Voyage #9
Family First Sail - Bird Island - Jib + Main
Fri., 20 June 2014
~3h30' (17:09-20:26)
9.0 nm; Ave 2.4 kts
Today marked out first full sail: wife and her kids aboard, under both mainsail and jib. Skipper and Mate left the house a little early, rowing out to the boat to make preparations. We were to pick up the Admiral and the Admiral's Daughter on Dexter's Dock within the hour. As Dylan busied himself with the usual pre-departure procedures, I attached fenders (bumpers) and readied dock lines. The VIPs arrived a bit earlier than expected, yet waited patiently on the dock for us to bring over the boat. This was only my second docking maneuver, and the first since the launch. Everything was going splendidly as we approached the dock, until I tossed a line to the Admiral. As for what followed, well, let's just say that I had one plan in mind for this procedure, while the Admiral had another. I might also add that Admirals don't like to take orders. But that dog is sleeping now; best to just let it lie....
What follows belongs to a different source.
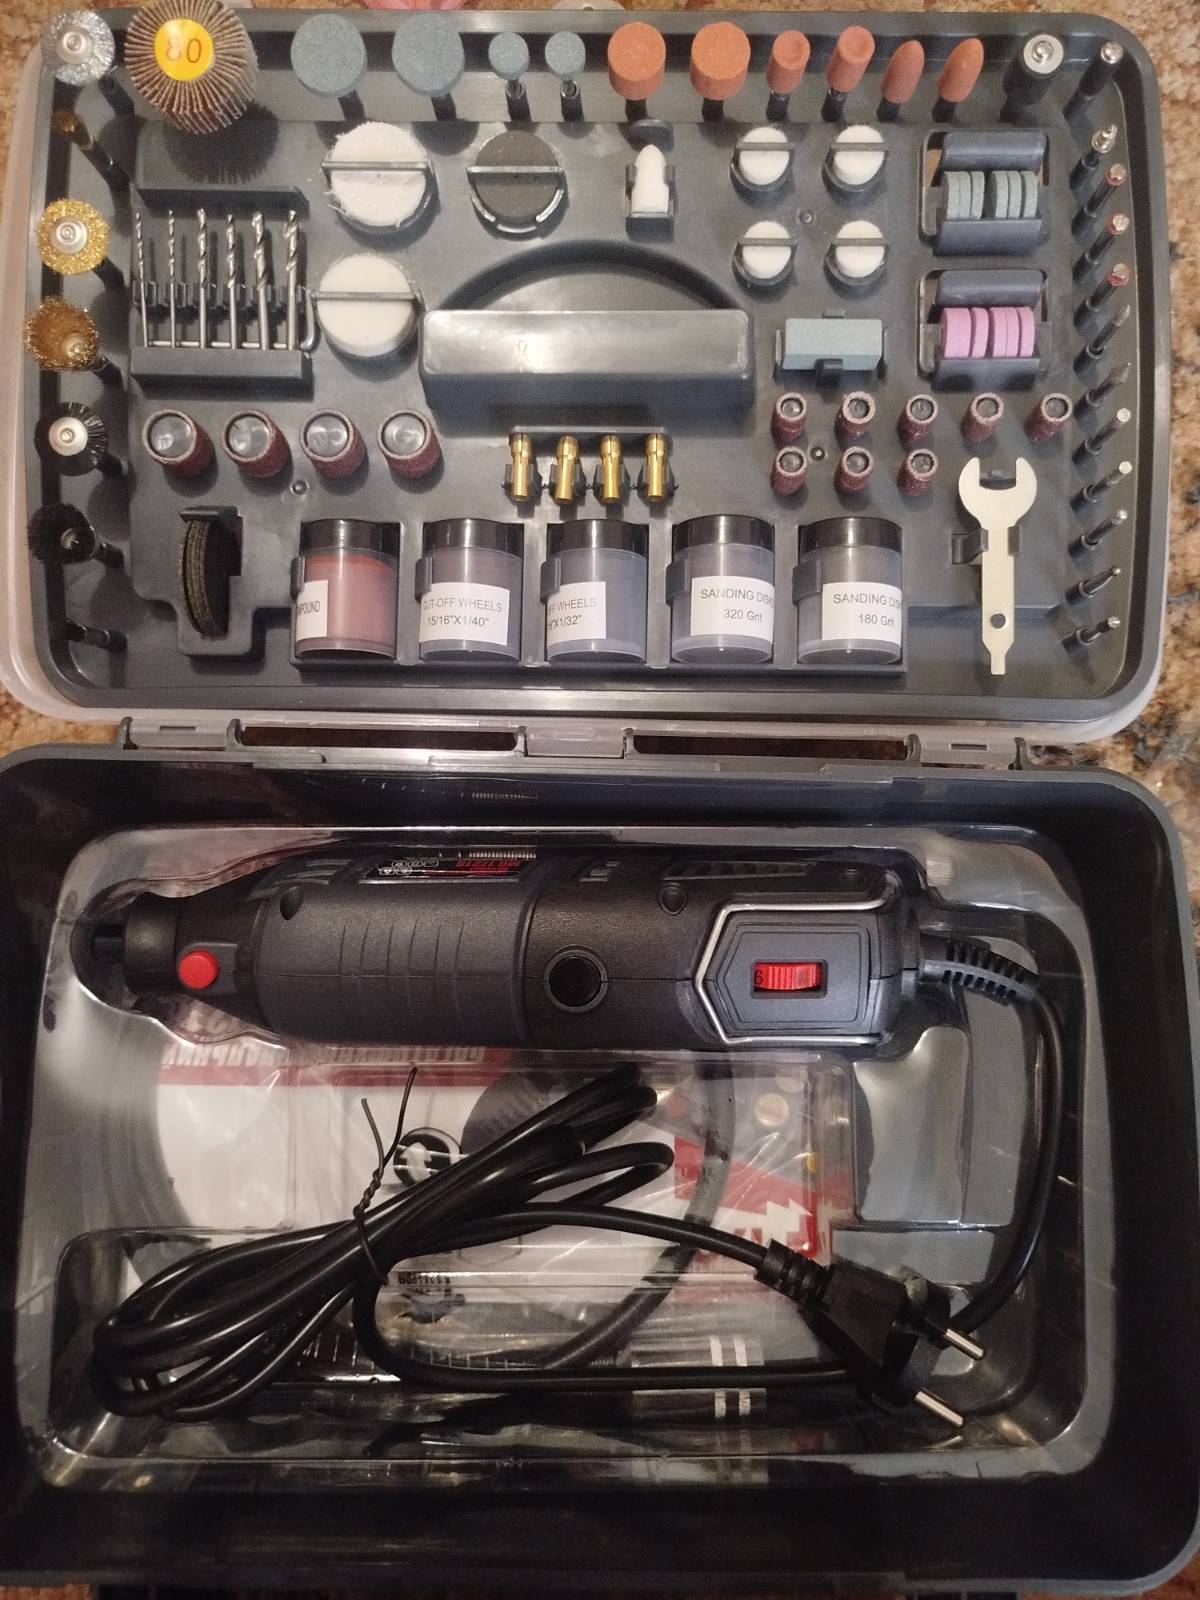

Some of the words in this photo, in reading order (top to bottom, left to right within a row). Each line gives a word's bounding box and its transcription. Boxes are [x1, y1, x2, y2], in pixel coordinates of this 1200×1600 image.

Once our VIPs were aboard, just after 5:00pm, we headed out to run down the river into the bay. Winds were out of the south at about 10-12 knots, with waves 1-2 feet, as we reached 'Red 6' and raised the mainsail for the first time. What a great feeling to have both sails set as we tacked southwestward. In less than an hour we had sailed down to Bird Island, a familiar local landmark at the entrance to Marion's Sippican Harbor.
Bird Island
Bird Island, covering about 1.5 acres, hosts a historic lighthouse that once helped mark the approach to the Cape Cod Canal (which recently celebrated its centennial). It now functions mainly to warn mariners of the rocks around Butler Point such as "Centerboard Shoal" (Ouch!).
Bird Island Light
The Admiral and I visited Bird Island, by kayak, a few years ago during a relatively balmy day in early November. Although we had not known at the time, Bird Island is off-limits each May through August, when it serves as a sanctuary for an 'endangered' population of Roseate tern (Sterna dougallii). Once common throughout the greater region, these birds were hunted to near extinction for their plumage, which was used for hats. More than half the Massachusetts population of these colony-nesting, plunge-diving migratory marine feeders inhabit Bird Island during the summer months (for more on the Roseate tern, click here; for the Buzzards Bay Tern Restoration Project, click here).
Roseate Tern
Bird Island is perhaps better known for its historic lighthouse, over ten meters high, said to be among the oldest original lighthouses, built in 1819. Deactivated in 1933, the light and its outbuildings on the island were battered by the 1938 New England Hurricane, which only the light tower survived. Subsequently sold off by the federal government, the town of Marion acquired the property in 1966. The light tower was restored in 1976, and added to the National Register of Historic Places in 1987. The light was reactivated in 1997, with a solar-powered automated system currently operates as a private aid to navigation, flashing 0.6 seconds every six seconds (Fl 6s PRIV).
Bird Island Light
(original Lantern Room)
Several tales of the macabre have centered around Bird Island through the years. Some legends of curses and hauntings relate back to the mysterious fate of the wife of the first lighthouse keeper, William S. Moore, a veteran of the War of 1812 (for more on Bird Island Light, including some of its ghost tales, click here). It also featured in Randal Peffer's novel Listen to the Dead (2010), a murder mystery based on the unsolved 1988 serial killings in nearby New Bedford (for more, click here).
Poetic License: That is not actually Bird Island Light on the cover...
Rather eerily, when we kayaked out there that November and walked about the island, we found it littered with bones. It was creepy, for everywhere you stepped you crushed bones. I reassured the wife that they were bird bones, but what do I know? I never studied comparative anatomy.
We came about and headed back up the bay on a broad reach. The Admiral took the helm for a while. Astern of us, bound for the Canal, was a towering merchant vessel. A quick look at my MarineTraffic app ($4.99) identified the ship via AIS as the Green Lake, headed from Baltimore to Boston (via Davisville, RI, and Sandwich, MA). Built in 1998, this leviathan was nearly 200 meters long, with over 57,000 gross tonnage, and had a top speed of almost 18 knots. We made sure to stay well clear of the canal approach channel.
Green Lake
Once we reached Wings Cove, the Admiral allocated sandwiches from a deli in Mattapoisett. Dylan would not eat his (to no one's surprise); he subsists largely on Capri Sun juice packs, popsicles, Oreos, and Goldfish crackers.
Sun going down over the starboard quarter. Lauryn at the helm.